Mycophenolate mofetil (MMF 1–2 g daily) is the most commonly used second line therapeutic agent in AIH, largely reserved for azathioprine/6-mercaptopurine intolerant patients. Remission rates when MMF is used in azathioprine-intolerant patients range 43%–88%. Previous studies where MMF was used in azathioprine non-responders are disappointing (remission rates between 0% and 25%). However, recent studies have reported higher remission rates. A retrospective multicentre study (n=201 patients with AIH) found that both tacrolimus and MMF as second-line therapies were equally effective in maintaining biochemical remission (91.9% vs 94.1%, respectively) in patients who were previous complete responders but intolerant to standard therapy.23 However, in non-responders, tacrolimus led to a complete response in a significantly greater proportion of patients as compared with MMF (56.5% vs 34%, respectively). In a second retrospective study of 105 patients with AIH, Roberts et al found no differences in the proportion of patients who achieved biochemical remission within the first 2 years of treatment between patients receiving MMF for non-response and those who were intolerant to standard therapy (57% vs 62%, respectively).24 Reduced biochemical remission rates and higher infection rates were however reported in cirrhotics receiving MMF as compared with non-cirrhotics. Prospective studies are required to better assess the role of MMF as second-line therapy in patients with inadequate response to standard therapy. High rates of intolerance to MMF are reported. It is contraindicated for those contemplating pregnancy making other second-line therapies preferable. A Greek group explored using MMF as first-line therapy to induce AIH remission.25 26 In their observational study (n=131), initial biochemical response was achieved in 93.6% (prednisolone +MMF) versus 72.7% (conventional therapy) of patients within 2 months.25 Further studies are required before MMF can be advocated as first-line therapy.

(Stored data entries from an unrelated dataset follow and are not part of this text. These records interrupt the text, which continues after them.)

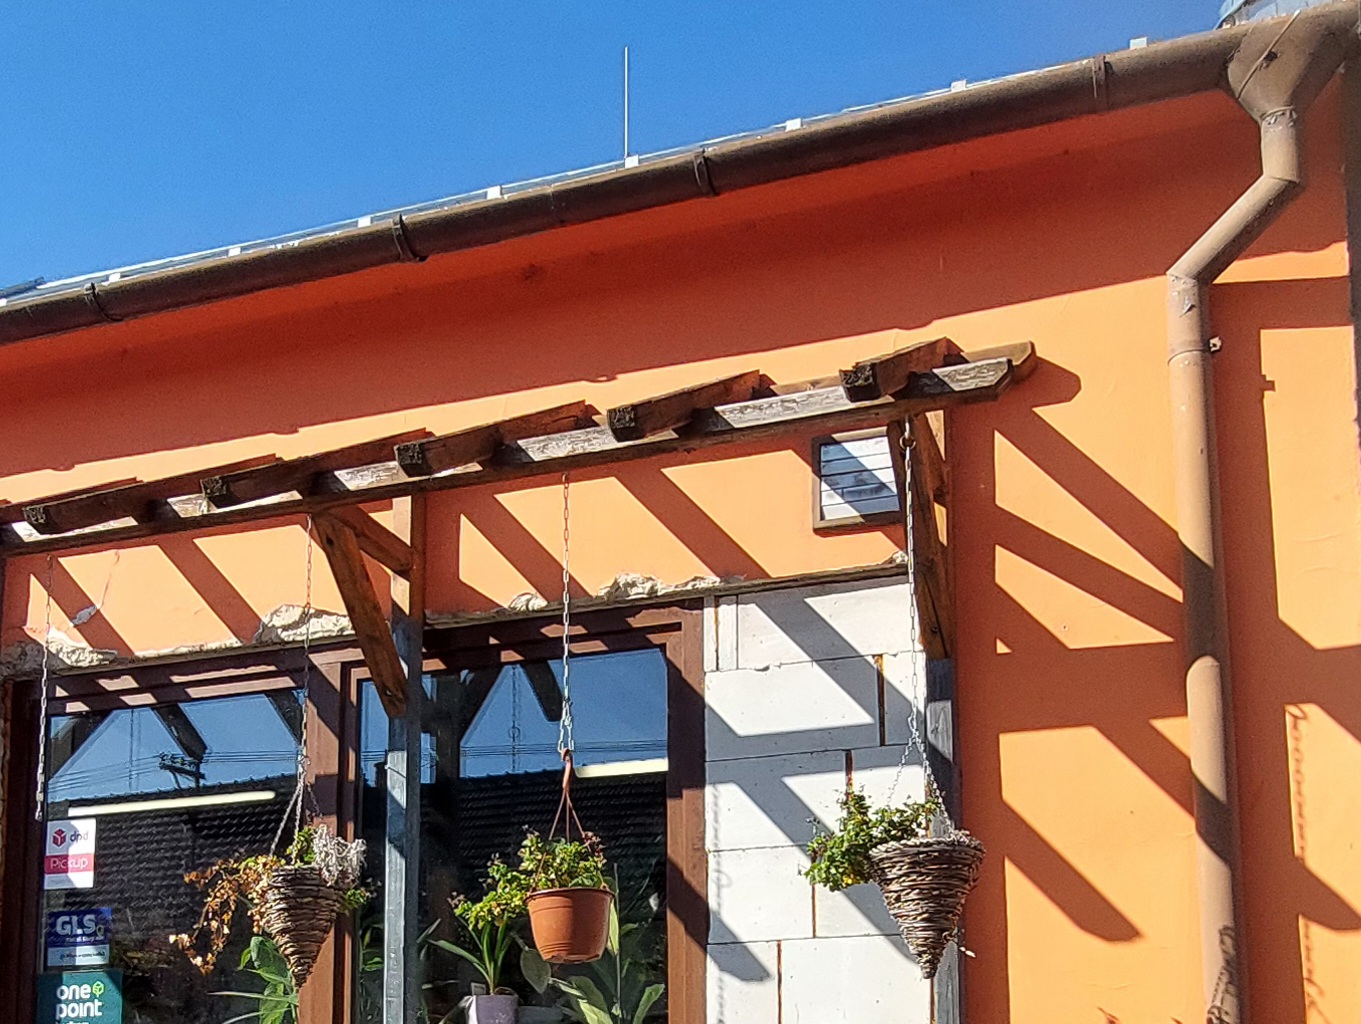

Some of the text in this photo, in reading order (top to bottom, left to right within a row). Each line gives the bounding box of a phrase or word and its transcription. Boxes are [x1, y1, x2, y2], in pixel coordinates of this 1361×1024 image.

[69, 830, 89, 843] dpd
[50, 857, 89, 869] Pickup
[56, 914, 96, 936] GLS
[56, 984, 92, 1000] one
[55, 999, 103, 1020] point

Calcineurin inhibitors: evidence of ciclosporin’s use in adults with non-responsive AIH is sparse; remission rates of 80% are reported.1
Tacrolimus as salvage therapy in difficult-to-treat AIH improved liver biochemistry, histology and enabled corticosteroid dose reduction.27 Target serum tacrolimus concentrations in AIH are unknown but most maintain a concentration of ≤6 µg/L.27–29 Attention to the side effects is important, including hypertension and diabetes.

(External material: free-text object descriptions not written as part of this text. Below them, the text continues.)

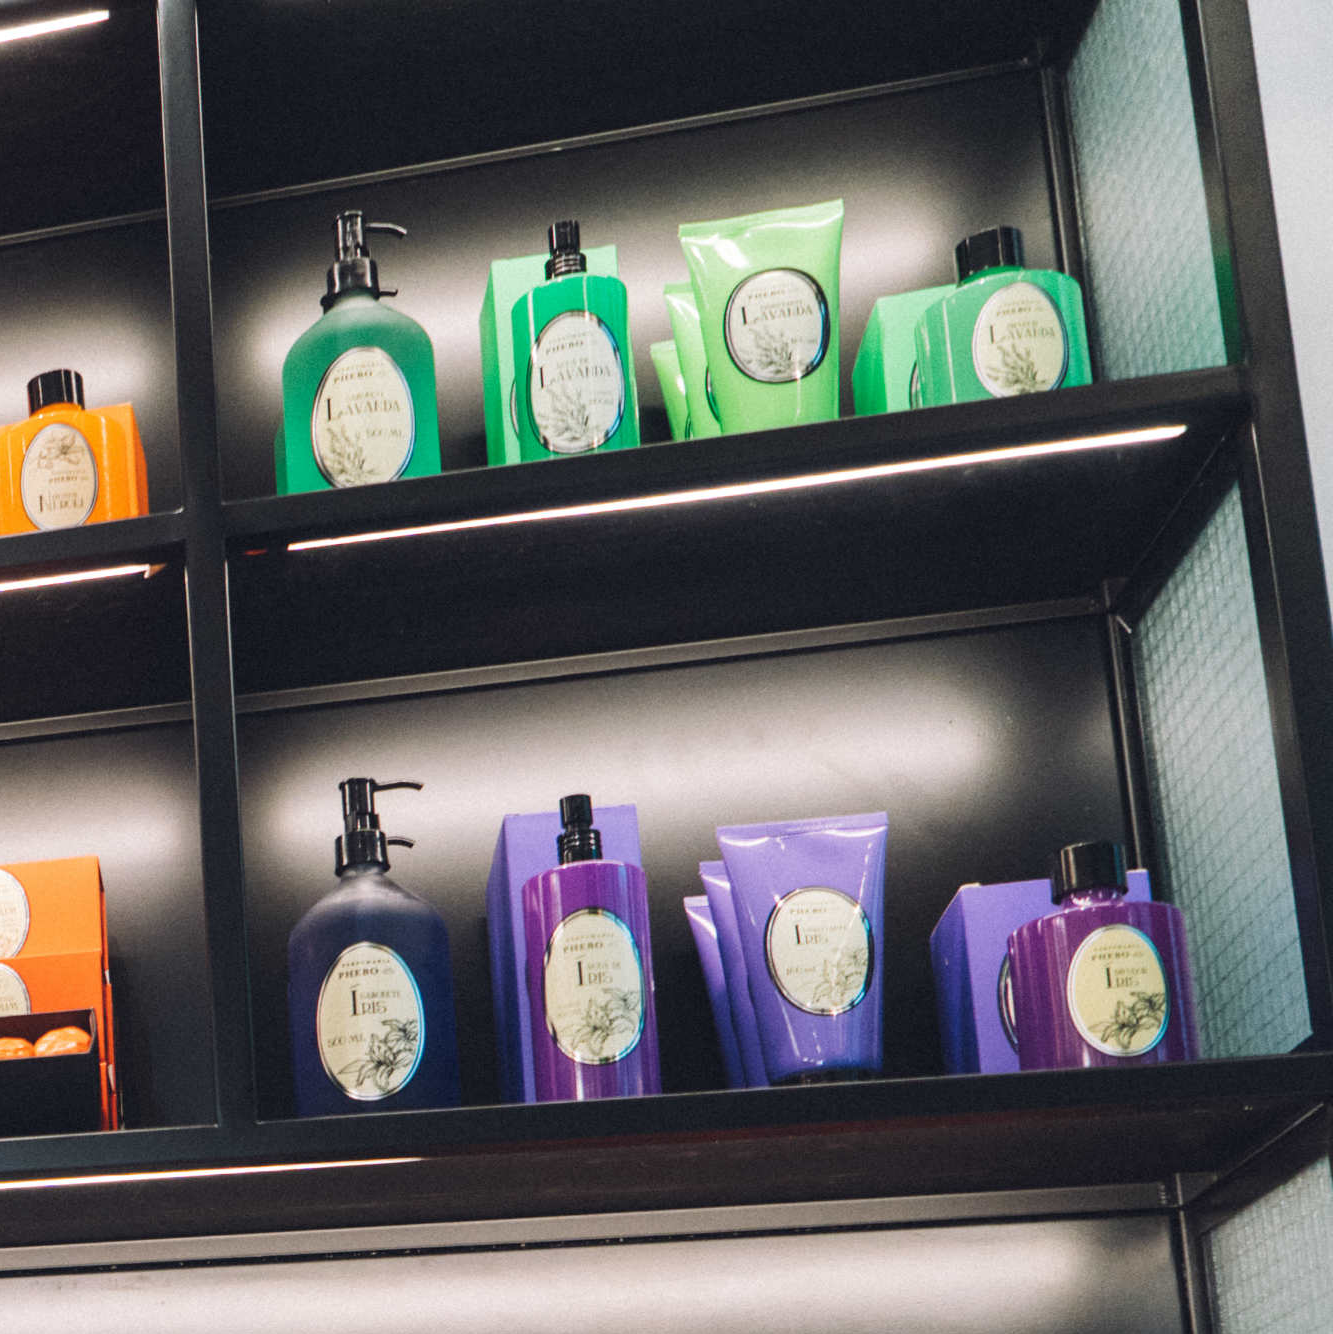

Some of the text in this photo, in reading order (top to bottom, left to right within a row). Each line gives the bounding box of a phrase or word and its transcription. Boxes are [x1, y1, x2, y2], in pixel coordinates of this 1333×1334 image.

[740, 302, 815, 326] LAVANDA
[989, 323, 1058, 345] LAVANDA
[538, 365, 614, 390] LAVANDA
[325, 397, 402, 423] LAVANDA
[38, 494, 87, 514] NEROLI
[338, 968, 380, 980] PHEBO

Other second-line agents include: 6-mercaptopurine (6-MP), cyclophosphamide, anti-TNF agents and rituximab. Single-centre experience, for example, in treating refractory AIH patients with rituximab has produced encouraging results with significant biochemical improvements seen following rituximab therapy.30
Surveillance considerations and side effect/monitoring of therapy are discussed in tables 4 and 5 respectively
Liver transplantation
Liver transplantation should be considered in (1) acute or fulminant liver failure, (2) patients with a Model for End-Stage Liver Disease (MELD) score of ≥15, (3) decompensated liver disease while on treatment and (4) rarely hepatocellular carcinoma development. Untreated patients with AIH have a survival of <30%.7 Patients, who present with acute or fulminant liver failure, should be referred urgently to a transplant centre31 as emergency transplantation may be required. Overall mortality in such patients ranges between 19% and 45% and rate of liver transplant required range from 9% to 81%.1 Corticosteroid therapy in an acute setting can be complicated by an increased infection risk; however, a trial for all but the sickest patients may be considered following advice from a transplant centre; the appropriate dose in such settings is not however agreed. Patients need close monitoring for deterioration and sepsis. Failure to improve prognostic scores within 7 days should prompt early consideration of liver transplantation.1 Outcomes post-transplantation are good with 5-year and 10-year survival rates of approximately 75%.7 Post-transplant immunosuppression needs to be broadly more intense than other indications, with use of either long-term prednisolone or azathioprine/MMF alongside a calcineurin inhibitor. Recurrence rates at 5 years range 20%–50% of transplants.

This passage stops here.